Geithner’s eurozone warning about “cascading catastrophe” is close.
Two weeks ago the US Treasury Secretary said something remarkable. “The threat of cascading default, bank runs and catastrophic risk must be taken off the table,” Tim Geithner warned the eurozone at the IMF Annual Meetings.
These threats are very much still on that table, right now. In fact, the near-nationalisation of the Franco-Belgian bank Dexia should really be the final wake up call.
Dexia had to be given assistance back in 2008 when the credit crunch first began. Now its back in the firing line – the problem is the losses it could sustain on its Greek loans. The French and Belgian governments today forced to guarantee its immediate funding.

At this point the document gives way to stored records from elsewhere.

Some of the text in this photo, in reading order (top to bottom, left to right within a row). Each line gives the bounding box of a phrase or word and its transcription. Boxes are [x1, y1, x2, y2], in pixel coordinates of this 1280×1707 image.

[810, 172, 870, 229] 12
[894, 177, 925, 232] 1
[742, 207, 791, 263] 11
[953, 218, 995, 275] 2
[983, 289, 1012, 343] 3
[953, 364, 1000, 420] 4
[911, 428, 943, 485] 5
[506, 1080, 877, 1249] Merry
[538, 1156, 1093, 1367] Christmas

The likely long term solution – it will be broken up – the good bits sold, leaving behind a “bad bank”.
It all sounds very similar to what happened in 2008 in Britain. The fear is that Dexia is the first of many. The problem, that in 2011, the same epic transfer of banking risk from banks to states via government bailouts, will simply not be possible.

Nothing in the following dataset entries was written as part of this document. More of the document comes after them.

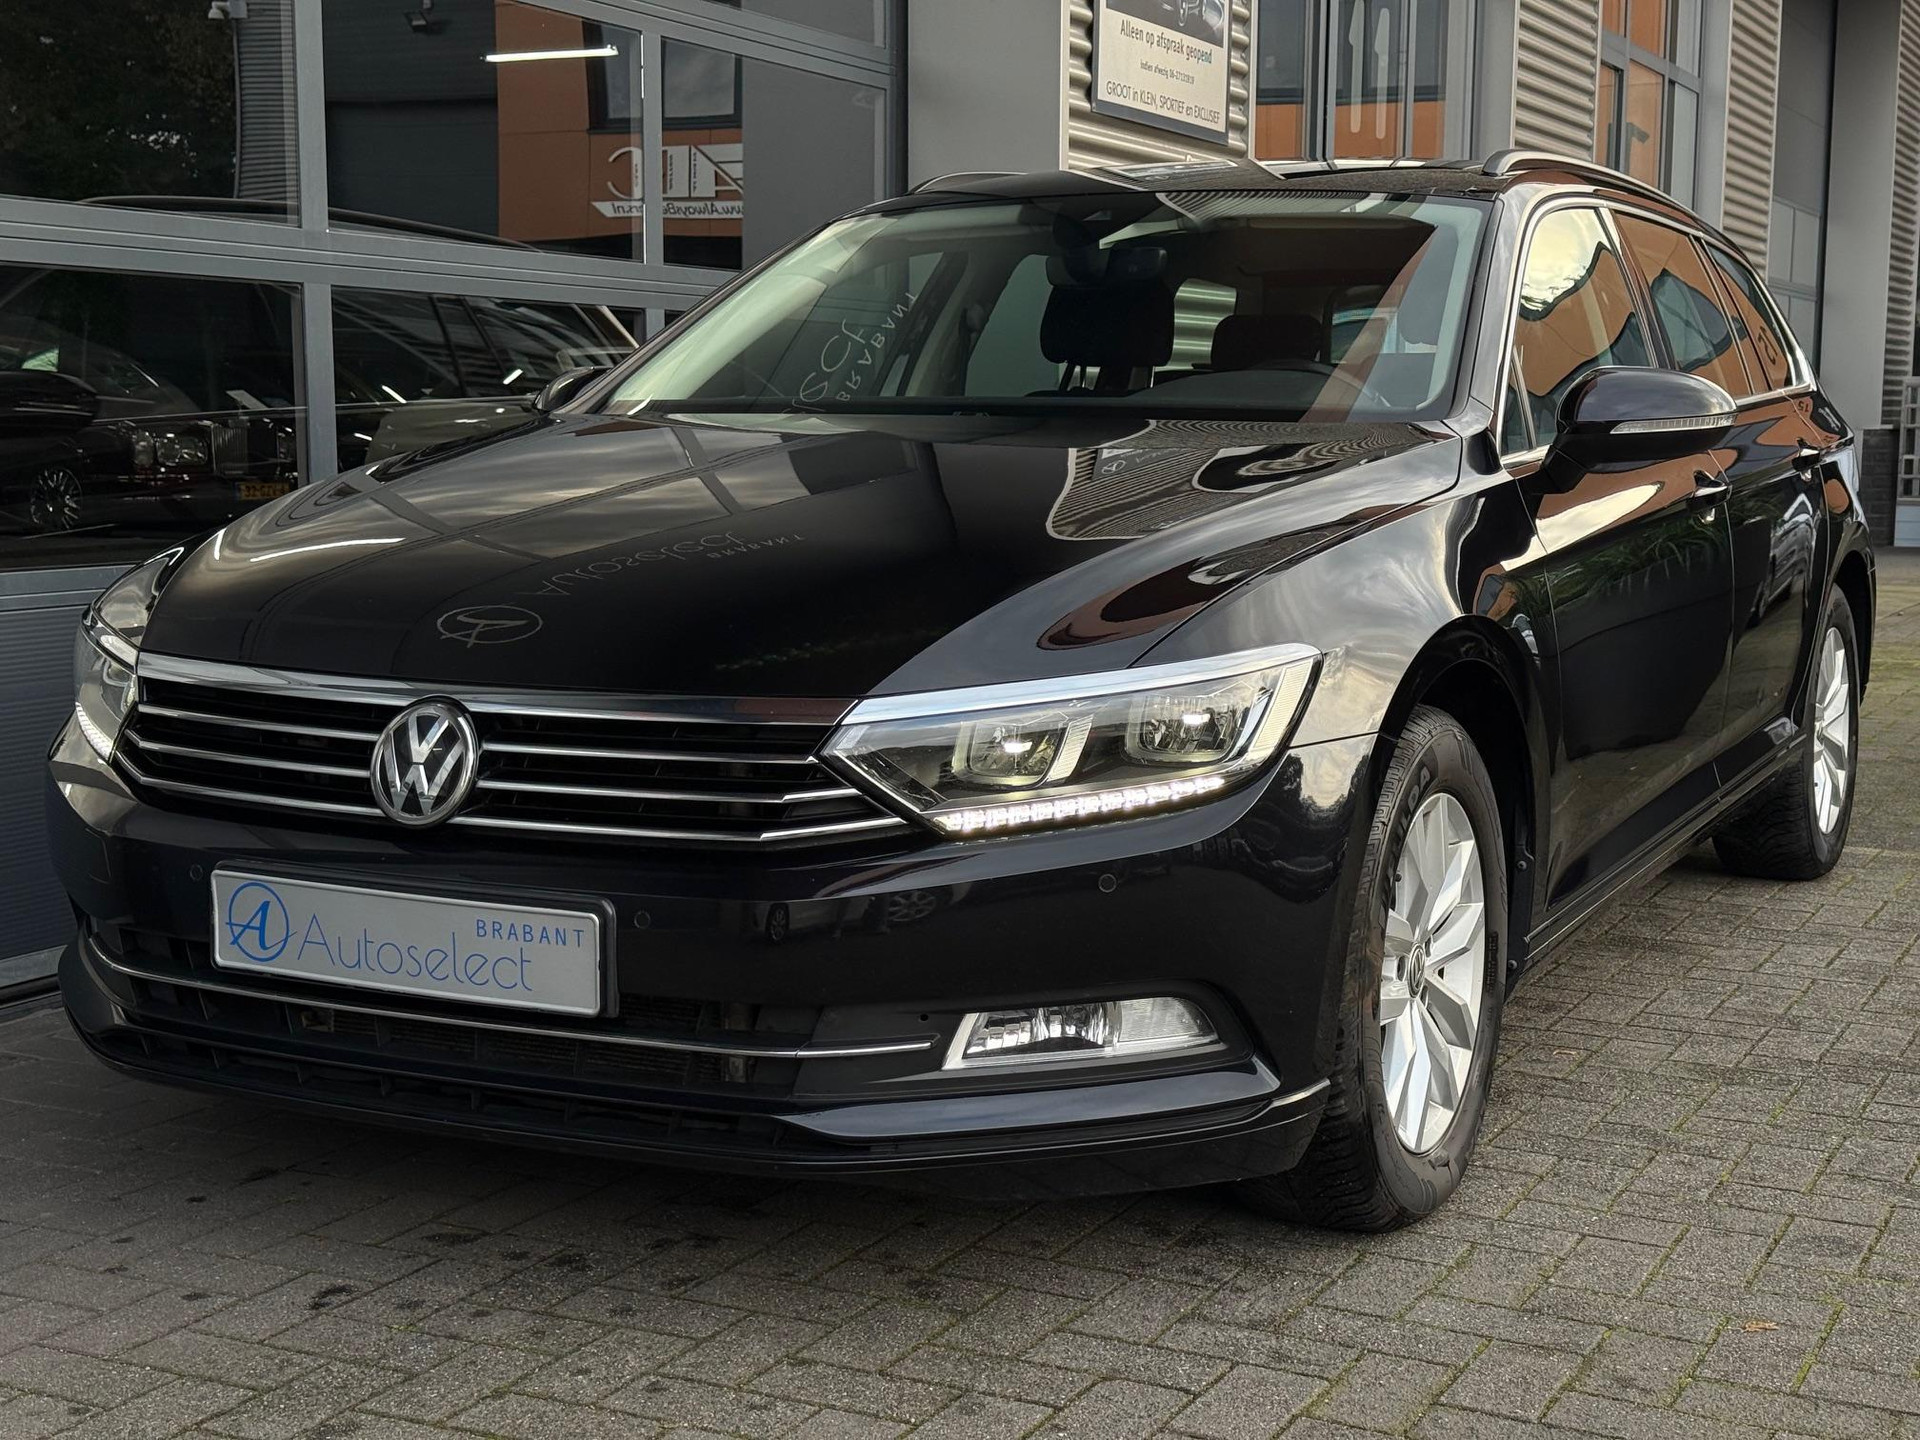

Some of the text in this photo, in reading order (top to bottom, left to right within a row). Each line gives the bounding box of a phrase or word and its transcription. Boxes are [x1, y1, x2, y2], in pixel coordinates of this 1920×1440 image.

[1120, 19, 1213, 64] Alleen op afspraak geopend
[1106, 80, 1131, 99] GROOT
[1132, 87, 1139, 102] in
[1159, 95, 1185, 114] SPORTIEF
[1185, 105, 1194, 117] en
[298, 913, 533, 992] Autoselect
[476, 918, 585, 949] BRABANT

In fact there’s something of a pass-the-parcel of risk from banking sectors, to sovereigns, back to banks, and possibly back to sovereigns again.
At the core of this is Greece. It increasingly appears that the German view around sharper debt reprofiling, implying losses of 30, 40 or even 50 per cent+ for the bank holders of Greek debt (instead of the 21 per cent currently expected) is becoming the consensus. Loose but purposeful talk from the European financial ministers’ summit in Luxembourg seemed to suggest this.
But it is amazing to be showing leg on this without having a durable solution for the banks exposed to Greek debt. In Luxembourg, the Chancellor George Osborne expressed acute concern that the eurozone’s banks needed to be dealt with “now”. The only bit of strong leadership from the EU finance minister meeting was a concrete decision to not decide next week on a further €8bn tranche of Greece’s bailout. The decision will now been made in November, when Greece faces running out of cash to pay wages and pensions.
Yet more can-kicking. And all the while the risk of a catastrophic financial incident rising. The Geithner moment is here.